━━ Supplied entries

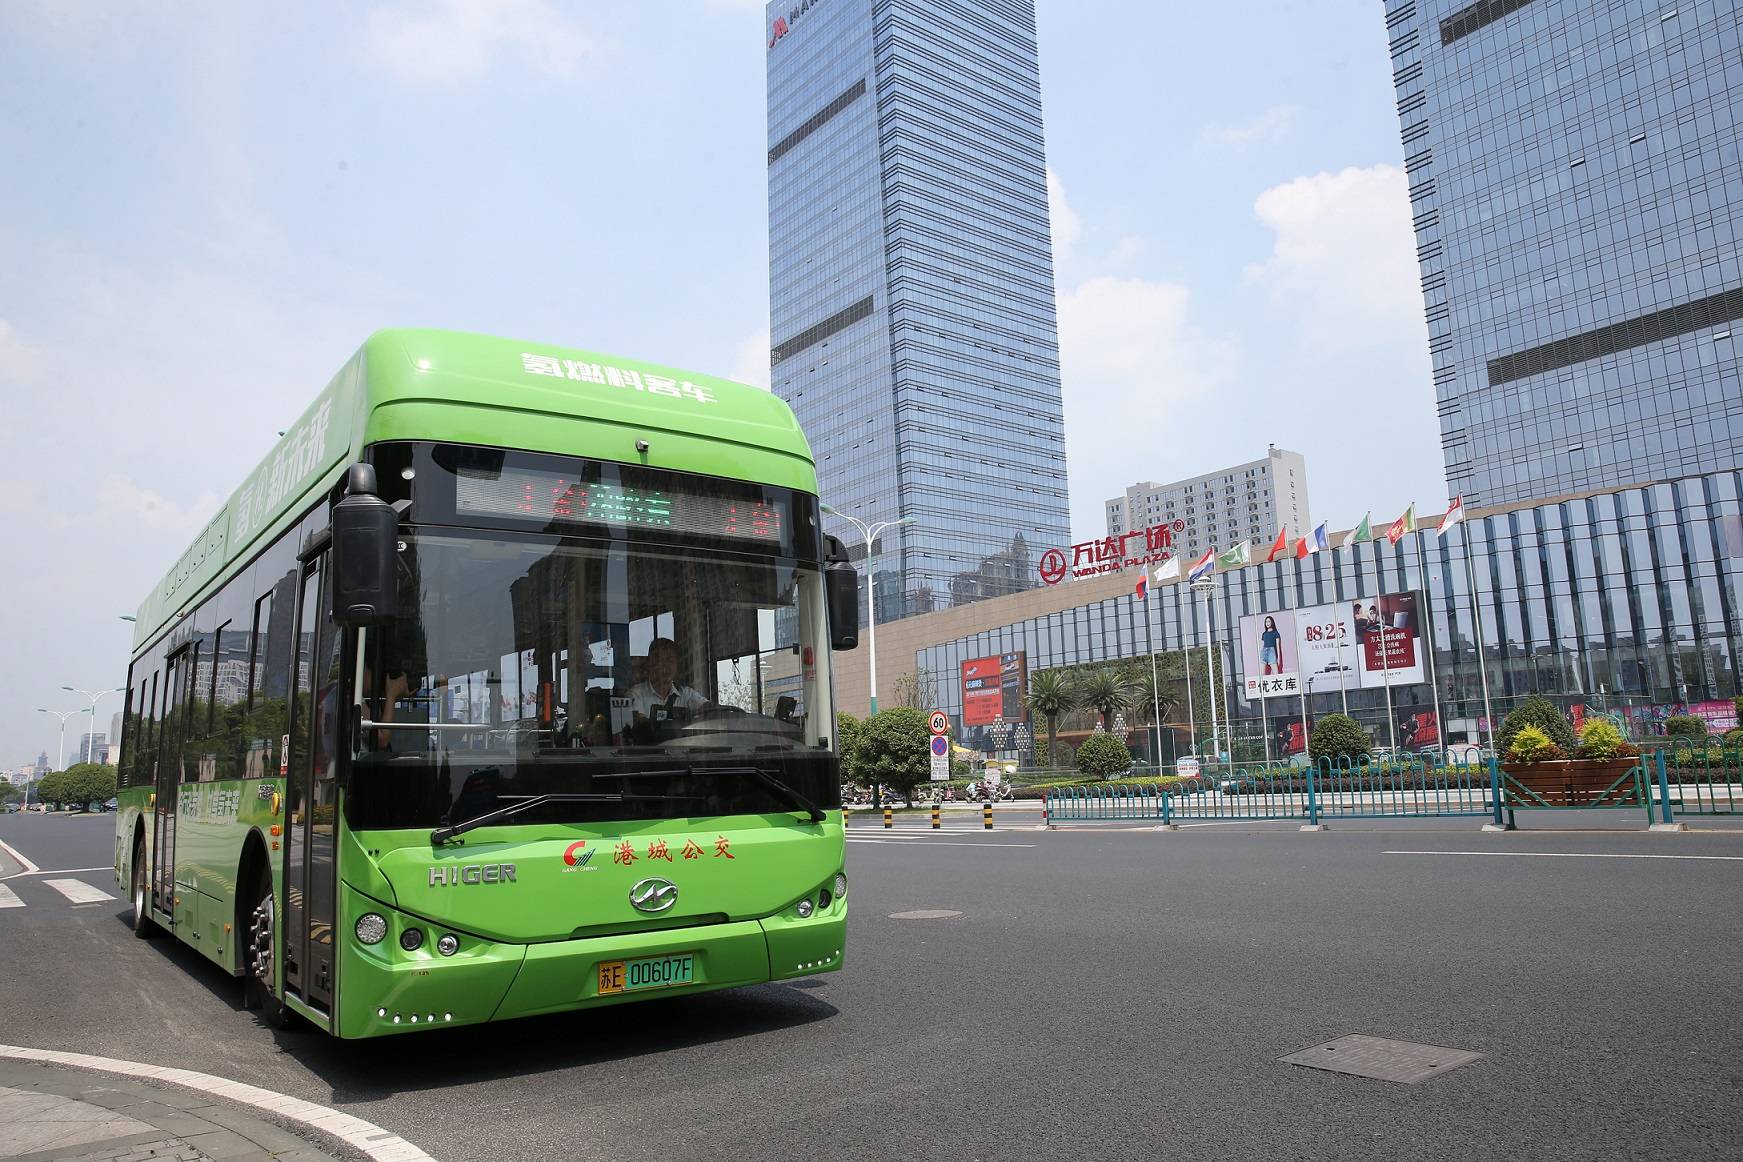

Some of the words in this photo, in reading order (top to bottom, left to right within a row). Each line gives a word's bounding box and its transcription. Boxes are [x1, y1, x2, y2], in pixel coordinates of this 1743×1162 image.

[520, 352, 718, 404] 氢燃料客车
[1071, 523, 1172, 567] 万达广场
[1072, 562, 1120, 578] WANDA
[1124, 551, 1171, 568] PLAZA
[1257, 677, 1297, 694] 优衣库
[933, 717, 944, 728] 60
[613, 835, 736, 866] 港城公交
[428, 863, 517, 887] HIGER
[629, 956, 692, 986] 00607F
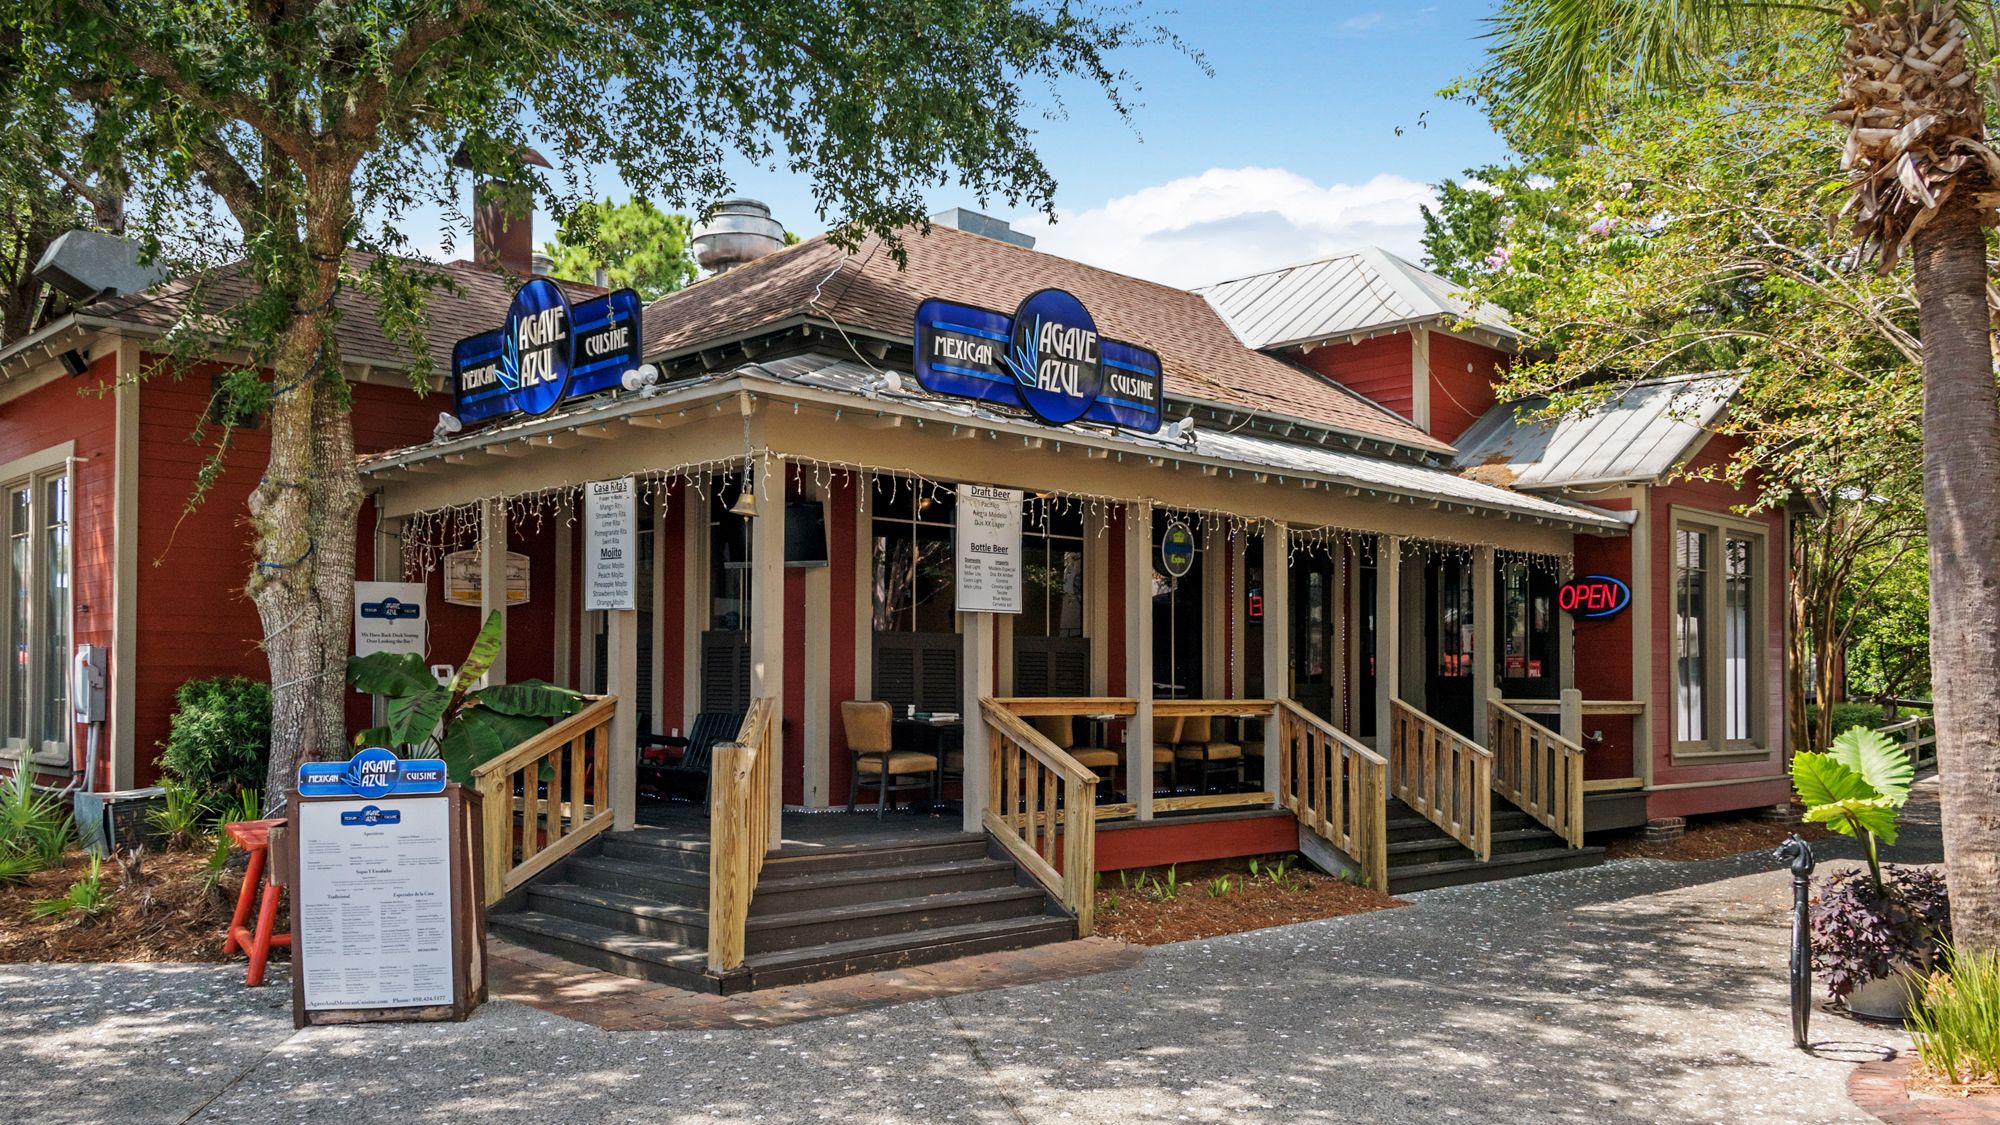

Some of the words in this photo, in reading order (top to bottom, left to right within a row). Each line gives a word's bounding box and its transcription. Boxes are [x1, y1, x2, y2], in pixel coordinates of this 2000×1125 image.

━━━━

Give the data above again exactly. Leave the pictures out.

Some of the words in this photo, in reading order (top to bottom, left to right within a row). Each line gives a word's bounding box and its transcription. Boxes are [x1, y1, x2, y2], in pixel coordinates of this 1743×1162 image.

[520, 352, 718, 404] 氢燃料客车
[1071, 523, 1172, 567] 万达广场
[1072, 562, 1120, 578] WANDA
[1124, 551, 1171, 568] PLAZA
[1257, 677, 1297, 694] 优衣库
[933, 717, 944, 728] 60
[613, 835, 736, 866] 港城公交
[428, 863, 517, 887] HIGER
[629, 956, 692, 986] 00607F

Some of the words in this photo, in reading order (top to bottom, left to right within a row). Each line gives a word's bounding box and its transcription. Boxes are [x1, y1, x2, y2], in pixel coordinates of this 2000×1125 image.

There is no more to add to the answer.